# Sterilizing a Great STuff cage



## Rain_Frog (Apr 27, 2004)

This is devastating, but I think I may have to do it. My mantella betsileo, while doing fine (calling all the time) refuse to use the rest of their more arboreal style cage. They only utilize a territory in the back, and virtualyl never climb, and never use the front.
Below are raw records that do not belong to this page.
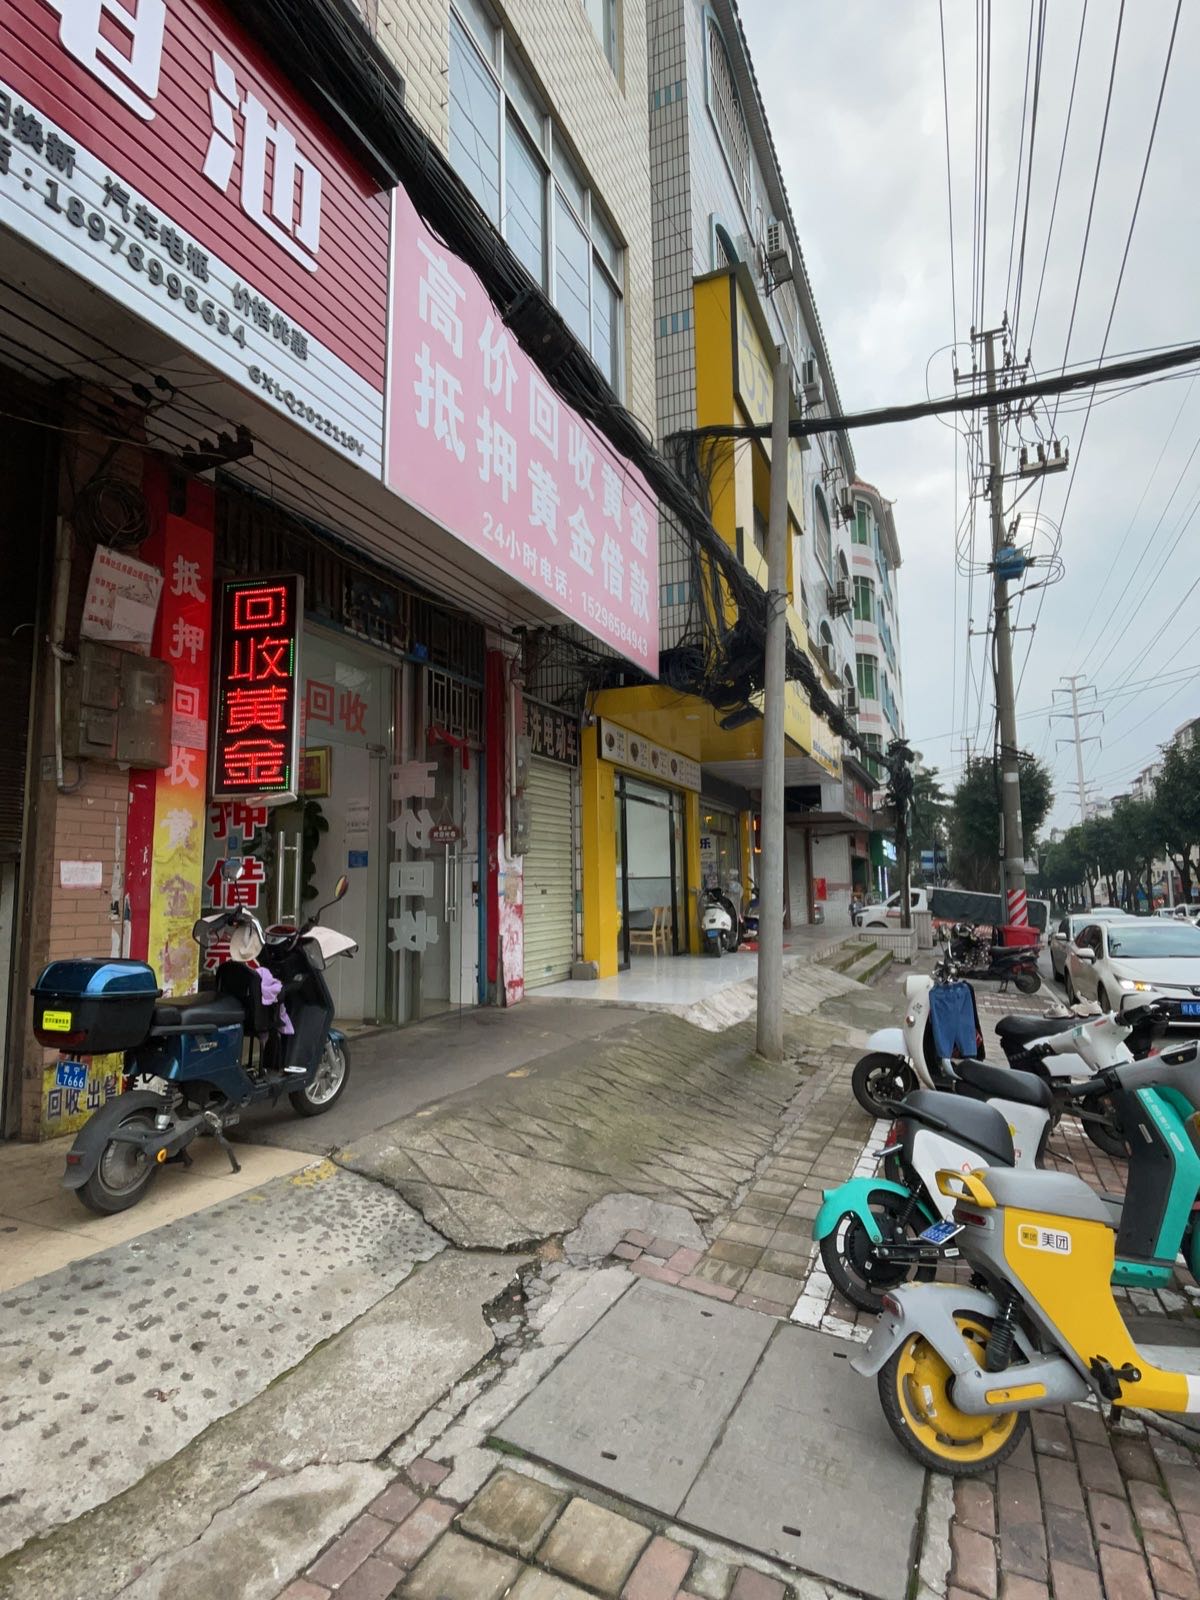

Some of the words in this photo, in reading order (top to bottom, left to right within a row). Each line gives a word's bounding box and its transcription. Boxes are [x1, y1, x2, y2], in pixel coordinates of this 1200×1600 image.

[103, 175, 209, 283] 汽车电瓶
[231, 282, 308, 361] 价格优惠
[412, 342, 650, 625] 抵押黄金借款
[416, 238, 649, 560] 高价回收黄金
[223, 586, 290, 786] 回收黄金
[306, 679, 369, 737] 回收
[520, 702, 577, 769] 洗电动车
[1041, 1232, 1069, 1251] 美团
I can tell they like the Ivy along the coco panel because of the "bower effect" as Penny is about ready to lay her eggs....hopefully!  

Like every hobbyist has noticed, lots of information about some frogs is quite general and pretty inaccurate, such as my tinctorius, Kole, is ALWAYS climbing and trying to get out of his 20 gallon high tank.
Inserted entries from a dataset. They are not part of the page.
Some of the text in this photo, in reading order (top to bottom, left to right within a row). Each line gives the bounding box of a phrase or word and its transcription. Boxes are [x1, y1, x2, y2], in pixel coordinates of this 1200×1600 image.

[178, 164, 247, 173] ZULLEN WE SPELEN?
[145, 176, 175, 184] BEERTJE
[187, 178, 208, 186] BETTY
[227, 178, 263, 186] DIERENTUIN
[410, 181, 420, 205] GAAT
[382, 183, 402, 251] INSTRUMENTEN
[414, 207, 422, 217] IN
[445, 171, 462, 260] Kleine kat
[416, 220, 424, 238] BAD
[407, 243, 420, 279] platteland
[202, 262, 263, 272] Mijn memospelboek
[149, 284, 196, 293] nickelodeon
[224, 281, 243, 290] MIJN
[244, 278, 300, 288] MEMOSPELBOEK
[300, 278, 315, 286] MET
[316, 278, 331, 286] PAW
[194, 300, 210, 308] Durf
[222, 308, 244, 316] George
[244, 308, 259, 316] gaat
What sucks is the fact I JUST remodeled my tinc's cage, and I plan to leave him in there for a few months just not to stress him out.

I'm gonna have to move my mantellas into a longer style tnak in the basement where they'll experience cooler temps during the winter to get them to breed.

So, the question is, how does one sterilize this beautiful cage? I have Great Stuff and silicone for background, and cork, but the cork isn't attahed to the wall. I don't want to add soapy water to the Great Stuff as the peat will absorb it and I'd have to scrub it off.

My mantelllas were diagnosised with nemetodes from a stool sample long ago, but I use panacur. No protozoans detected, everybody is healthy and are nearly fully grown. 

What I want to know, even though I got panacur and there are no protozoans, I wonder about things such as viruses that might be harmful to a New World frog but not to an Old World style animal. Should I really be that concerned? All animals are very healthy.


----------



## Rain_Frog (Apr 27, 2004)

If I remove all the soil, all of the plants, what about using a black light, aka, some form of ultraviolet radiation inside the tank after everything else is removed? I can't drag it out into the sunlight, as its too large and I don't want to redo the tricolor's side of the double tank.


----------



## Guest (Oct 18, 2004)

Sterlizing the vivarium when putting different frogs in it is a "really good" idea, but not absolutely necessary. If you "mysterioulsy" lost frogs in a vivarium you would be *insane* not to sterlize it before putting new frogs in. However if the previous inhabitants were/are healthy, its more of a judgement call, a risk still none the less. You never know what parasite might live happily in one frog that could kill the other so be carefull. Since your talking about mantellas vs darts I might even be more inclined to err on the side of caution. You could always try introducing one of the frogs to the vivarium for a couple of weeks and see how it does.

-Tad


----------



## Guest (Oct 18, 2004)

Has anyone ever used or tried a Grapefruit seed Extract solution sprayed on the background to try to sterilize it. I use it on the bare glass terrariums before I set them up and also use it to clean out my rat cages. It's known for it's antibacterial/antimicrobial/antivirial qualities and being non-toxic. I've never tried it on the backgrounds. Wonder if you could spray it down good enough with it and let it dry if it would kill enough buggies to do some good.


----------



## Rain_Frog (Apr 27, 2004)

Is grapefruit extract too acidic to where it would damage the Great Stuff background? And, if it gets into the peat mix on the wall, could that be too acidic once the frogs move in? 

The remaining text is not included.